Mi sono accostato a Pelléas et Mélisande quasi completamente a scatola chiusa, con poche informazioni specifiche e un'idea estremamente vaga su chi fosse il suo compositore, di cui questa è l'unica opera portata a termine con successo; più che altro, ad attrarmi era l'idea di avventurarmi in un terreno completamente nuovo; nuovo e unico. Già prima di ascoltarla, quindi, P&M mi trasmetteva un'irresistibile sensazione di fascino e di mistero, cosa che è rimasta anche dopo l'ascolto.
Pelléas et Mélisande è un'opera che gioca "pericolosamente" con le gloriose sovrastrutture tradizionali del genere: niente arie, niente coro, niente passaggi strumentali prolungati e niente tenore. Quest'ultima cosa potrebbe sembrare marginale, e invece no: ho imparato che, se si vuol dare a un'opera una caratterizzazione "sperimentale", fuori dagli schemi, uno dei modi più efficaci per farlo è proprio quello di eliminare o quantomeno marginalizzare la voce tenorile; è un po' come togliere gli ottoni dall'orchestra, si perde in potenza ed immediatezza, le atmosfere si fanno più sfumate e rarefatte. E questo contribuisce non poco alla buona riuscita dell'ambiziosissimo progetto di Debussy, che con Pelléas et Mélisande ha puntato alla forma aperta pura; molto più di qualsiasi altra opera abbia ascoltato, Salome e Castello di Barbablù compresi, questa è veramente un continuum, un blocco unico, in cui la tensione si mantiene costante ed uniforme dalla prima all'ultima nota. Realizzare qualcosa di simile senza scadere nella noia e nell'esercizio di stile fine a sè stesso è impresa assai ardua, eppure Claude Debussy ci è riuscito, per di più con un'opera che si avvicina alle tre ore di durata.
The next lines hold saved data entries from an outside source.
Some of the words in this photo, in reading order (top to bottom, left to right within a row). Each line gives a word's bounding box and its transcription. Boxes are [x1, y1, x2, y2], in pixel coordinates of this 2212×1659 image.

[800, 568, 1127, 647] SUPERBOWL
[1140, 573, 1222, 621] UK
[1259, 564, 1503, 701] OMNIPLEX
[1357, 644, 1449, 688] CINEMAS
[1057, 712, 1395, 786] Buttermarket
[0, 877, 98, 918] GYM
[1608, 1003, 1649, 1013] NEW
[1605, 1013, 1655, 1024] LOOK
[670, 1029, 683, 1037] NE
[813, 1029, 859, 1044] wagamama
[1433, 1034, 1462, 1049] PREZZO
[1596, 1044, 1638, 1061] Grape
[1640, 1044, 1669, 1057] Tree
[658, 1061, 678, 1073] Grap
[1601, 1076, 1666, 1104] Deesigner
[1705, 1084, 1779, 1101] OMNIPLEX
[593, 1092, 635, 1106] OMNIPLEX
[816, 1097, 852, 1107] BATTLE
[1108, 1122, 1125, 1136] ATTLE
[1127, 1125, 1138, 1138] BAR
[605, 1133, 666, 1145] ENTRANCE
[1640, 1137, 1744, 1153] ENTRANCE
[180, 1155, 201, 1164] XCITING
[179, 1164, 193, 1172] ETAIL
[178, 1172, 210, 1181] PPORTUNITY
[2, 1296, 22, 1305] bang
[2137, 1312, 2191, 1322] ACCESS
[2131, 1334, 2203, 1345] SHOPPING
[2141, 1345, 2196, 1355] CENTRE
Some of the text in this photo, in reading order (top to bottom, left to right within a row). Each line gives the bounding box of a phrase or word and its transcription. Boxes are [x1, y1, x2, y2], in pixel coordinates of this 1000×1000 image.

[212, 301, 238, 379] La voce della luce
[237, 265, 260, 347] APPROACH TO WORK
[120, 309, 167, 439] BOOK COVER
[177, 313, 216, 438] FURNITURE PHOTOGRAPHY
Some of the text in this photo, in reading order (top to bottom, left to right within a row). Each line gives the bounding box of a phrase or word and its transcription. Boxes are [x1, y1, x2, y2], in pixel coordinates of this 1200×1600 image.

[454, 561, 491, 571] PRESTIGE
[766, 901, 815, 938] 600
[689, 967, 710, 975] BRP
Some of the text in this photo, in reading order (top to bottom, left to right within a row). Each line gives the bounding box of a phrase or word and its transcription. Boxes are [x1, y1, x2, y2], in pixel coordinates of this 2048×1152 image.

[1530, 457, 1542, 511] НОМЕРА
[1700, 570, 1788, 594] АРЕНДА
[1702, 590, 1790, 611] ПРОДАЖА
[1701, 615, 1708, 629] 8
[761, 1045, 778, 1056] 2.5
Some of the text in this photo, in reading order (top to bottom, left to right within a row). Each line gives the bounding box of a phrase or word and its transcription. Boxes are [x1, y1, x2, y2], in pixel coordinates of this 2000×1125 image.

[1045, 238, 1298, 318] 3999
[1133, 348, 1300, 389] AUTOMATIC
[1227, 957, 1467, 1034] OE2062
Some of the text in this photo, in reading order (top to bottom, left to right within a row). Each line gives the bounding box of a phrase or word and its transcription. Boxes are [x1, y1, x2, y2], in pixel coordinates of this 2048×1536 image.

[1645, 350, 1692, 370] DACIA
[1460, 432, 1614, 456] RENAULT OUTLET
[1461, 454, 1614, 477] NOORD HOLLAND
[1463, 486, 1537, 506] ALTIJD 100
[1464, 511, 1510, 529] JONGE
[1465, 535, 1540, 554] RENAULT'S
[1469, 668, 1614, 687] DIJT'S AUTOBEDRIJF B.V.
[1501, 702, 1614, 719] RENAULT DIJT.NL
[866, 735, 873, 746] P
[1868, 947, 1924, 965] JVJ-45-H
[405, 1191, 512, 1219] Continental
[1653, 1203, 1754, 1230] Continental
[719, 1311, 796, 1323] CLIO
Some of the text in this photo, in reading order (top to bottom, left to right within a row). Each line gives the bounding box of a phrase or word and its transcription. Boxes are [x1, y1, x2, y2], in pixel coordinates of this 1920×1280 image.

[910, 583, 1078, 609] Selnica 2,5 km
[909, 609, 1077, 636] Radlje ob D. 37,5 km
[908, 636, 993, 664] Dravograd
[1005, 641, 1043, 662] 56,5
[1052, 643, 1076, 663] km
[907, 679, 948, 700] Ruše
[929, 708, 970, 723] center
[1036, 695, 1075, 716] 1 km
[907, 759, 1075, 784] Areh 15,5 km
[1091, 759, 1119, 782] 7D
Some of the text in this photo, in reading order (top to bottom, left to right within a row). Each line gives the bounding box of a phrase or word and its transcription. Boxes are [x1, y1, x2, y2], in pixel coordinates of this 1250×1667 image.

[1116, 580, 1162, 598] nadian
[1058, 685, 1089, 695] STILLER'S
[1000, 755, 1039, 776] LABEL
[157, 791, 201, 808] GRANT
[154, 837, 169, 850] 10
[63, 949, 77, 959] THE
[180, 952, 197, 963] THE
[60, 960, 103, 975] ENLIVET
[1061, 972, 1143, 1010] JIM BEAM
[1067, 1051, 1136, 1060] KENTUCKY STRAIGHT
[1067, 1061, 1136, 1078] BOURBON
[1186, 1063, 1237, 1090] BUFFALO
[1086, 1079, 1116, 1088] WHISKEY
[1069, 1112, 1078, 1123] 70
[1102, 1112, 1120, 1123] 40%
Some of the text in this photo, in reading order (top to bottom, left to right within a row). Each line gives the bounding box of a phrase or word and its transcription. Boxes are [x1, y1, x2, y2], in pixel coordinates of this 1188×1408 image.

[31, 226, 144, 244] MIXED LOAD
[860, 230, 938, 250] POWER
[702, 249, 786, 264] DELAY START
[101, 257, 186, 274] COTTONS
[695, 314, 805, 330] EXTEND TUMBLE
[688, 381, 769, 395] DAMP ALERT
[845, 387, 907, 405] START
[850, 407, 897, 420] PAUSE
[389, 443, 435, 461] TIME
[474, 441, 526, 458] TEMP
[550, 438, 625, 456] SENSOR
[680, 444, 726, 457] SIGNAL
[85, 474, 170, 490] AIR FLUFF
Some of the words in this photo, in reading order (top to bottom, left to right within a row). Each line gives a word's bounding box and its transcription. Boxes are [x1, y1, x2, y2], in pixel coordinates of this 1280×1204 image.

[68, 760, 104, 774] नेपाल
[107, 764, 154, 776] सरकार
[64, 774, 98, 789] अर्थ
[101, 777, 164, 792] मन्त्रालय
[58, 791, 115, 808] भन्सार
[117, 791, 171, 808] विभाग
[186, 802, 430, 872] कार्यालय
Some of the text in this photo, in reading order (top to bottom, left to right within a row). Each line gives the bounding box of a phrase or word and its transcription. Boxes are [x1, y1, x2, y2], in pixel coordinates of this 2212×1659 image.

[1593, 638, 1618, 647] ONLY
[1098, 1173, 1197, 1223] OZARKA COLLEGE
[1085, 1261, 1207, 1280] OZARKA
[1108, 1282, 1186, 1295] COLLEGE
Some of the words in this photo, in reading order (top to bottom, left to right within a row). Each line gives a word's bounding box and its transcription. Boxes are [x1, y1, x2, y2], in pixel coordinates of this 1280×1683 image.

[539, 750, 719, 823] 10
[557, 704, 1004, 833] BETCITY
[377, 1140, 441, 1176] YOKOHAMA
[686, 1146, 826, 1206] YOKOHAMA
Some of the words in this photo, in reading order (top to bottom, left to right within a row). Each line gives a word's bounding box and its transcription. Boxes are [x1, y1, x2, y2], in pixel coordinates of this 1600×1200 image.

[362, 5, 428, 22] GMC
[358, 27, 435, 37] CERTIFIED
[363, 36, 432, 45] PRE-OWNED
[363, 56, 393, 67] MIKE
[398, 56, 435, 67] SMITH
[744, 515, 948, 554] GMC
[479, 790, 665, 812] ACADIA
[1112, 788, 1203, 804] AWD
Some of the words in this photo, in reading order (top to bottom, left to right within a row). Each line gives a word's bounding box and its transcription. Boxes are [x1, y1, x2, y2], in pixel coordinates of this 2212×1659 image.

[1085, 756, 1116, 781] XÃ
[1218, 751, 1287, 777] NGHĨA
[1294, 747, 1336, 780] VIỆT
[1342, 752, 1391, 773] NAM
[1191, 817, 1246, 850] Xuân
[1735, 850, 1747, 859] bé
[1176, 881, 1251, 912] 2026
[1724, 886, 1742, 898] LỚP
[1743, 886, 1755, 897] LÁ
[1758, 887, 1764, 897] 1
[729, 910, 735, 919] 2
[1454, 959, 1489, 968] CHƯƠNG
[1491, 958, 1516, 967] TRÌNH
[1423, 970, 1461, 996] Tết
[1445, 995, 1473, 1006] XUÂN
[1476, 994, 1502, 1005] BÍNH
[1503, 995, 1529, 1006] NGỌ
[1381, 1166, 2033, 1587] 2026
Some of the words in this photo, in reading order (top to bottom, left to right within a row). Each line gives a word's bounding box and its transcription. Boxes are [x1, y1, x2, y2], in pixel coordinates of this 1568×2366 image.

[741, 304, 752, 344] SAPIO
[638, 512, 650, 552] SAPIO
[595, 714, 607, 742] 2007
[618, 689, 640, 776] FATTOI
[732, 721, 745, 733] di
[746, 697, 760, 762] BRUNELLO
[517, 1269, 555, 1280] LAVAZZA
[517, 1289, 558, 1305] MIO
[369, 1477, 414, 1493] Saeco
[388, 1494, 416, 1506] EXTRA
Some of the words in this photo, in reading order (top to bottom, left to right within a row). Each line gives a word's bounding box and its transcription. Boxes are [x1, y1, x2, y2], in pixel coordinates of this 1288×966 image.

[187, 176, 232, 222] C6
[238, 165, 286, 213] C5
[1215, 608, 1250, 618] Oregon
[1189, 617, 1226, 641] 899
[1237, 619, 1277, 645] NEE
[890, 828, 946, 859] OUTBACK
Ascoltare Pelléas et Mélisande è un po' come vagare in una dimensione di costante penombra, sull'intera opera aleggia un'atmosfera perennemente cupa e al tempo stesso eterea; l'ambientazione completamente fuori dalla storia, paesaggi la cui selvaggia desolazione è a più riprese sottolineata da tutti i personaggi principali, che ne sono pesantemente segnati. Non c'è nulla di semplice in questo lavoro, dalla struttura ingannevolmente lineare, nessuno mistero viene mai del tutto svelato, pochi momenti di candore e sincerità vanno a perdersi in un mare di allusioni, cripticismi, incomunicabilità quasi totale. Tutto questo non può che portare alla tragedia, a cui si arriva non con un crescendo di pathos ma scivolandoci gradualmente, in un'inevitabile deriva; un titolo alternativo per quest'opera sarebbe potuto essere "la Forza del Destino", se non fosse già stato preso.
Apparentemente il personaggio più alieno sembrerebbe essere Mélisande, comparsa dal nulla, chiusa in sè stessa, enigmatica fino alla fine, in realtà il vero corpo estraneo, l'anima in pena condannata all'infelicità e sicuramente Golaud, personaggio concreto, realistico in un mondo parallelo in cui nulla è chiaramente definito e tutti si esprimono con la propria poetica. Lui di poetica non ne ha proprio, la sua ricerca di un orizzonte sicuro e lineare lo rende paranoico, violento, oppressivo, e più cerca di imporsi più affonda nelle sabbie mobili della disperazione. Anche per questo, Pelléas et Mélisande è il trionfo del decadentismo sul romanticismo, l'equivalente operistico di una natura morta.
Non si può negare che, senza Tristan und Isolde, probabilmente Pelléas et Mélisande (così come tante altre cose) non sarebbe mai esistita, ma un Wagner così scarno, così intimista, così alieno a qualsiasi concetto di redenzione non si è mai sentito: Debussy usa l'orchestra in un modo completamente diverso, come semplice accompagnamento, sottofondo, che non produce melodie ma una dilatata, astratta marea di suono, inscindibile dai paesaggi e dalle emozioni dei personaggi, e che perfino negli intermezzi non assume mai un ruolo protagonistico. Inutile parlare di questa o quella scena, cercare di scindere e analizzare separatamente la tristezza, la sensualità, la rabbia, la malinconia, la disperazione e tutte le altre sfumature che di volta in volta affiorano dallo spartito e dal libretto. Pelléas et Mélisande è un tutto, un'opera d'arte totale. Un'opera d'arte totale, a questo è riuscito ad arrivare Claude Debussy.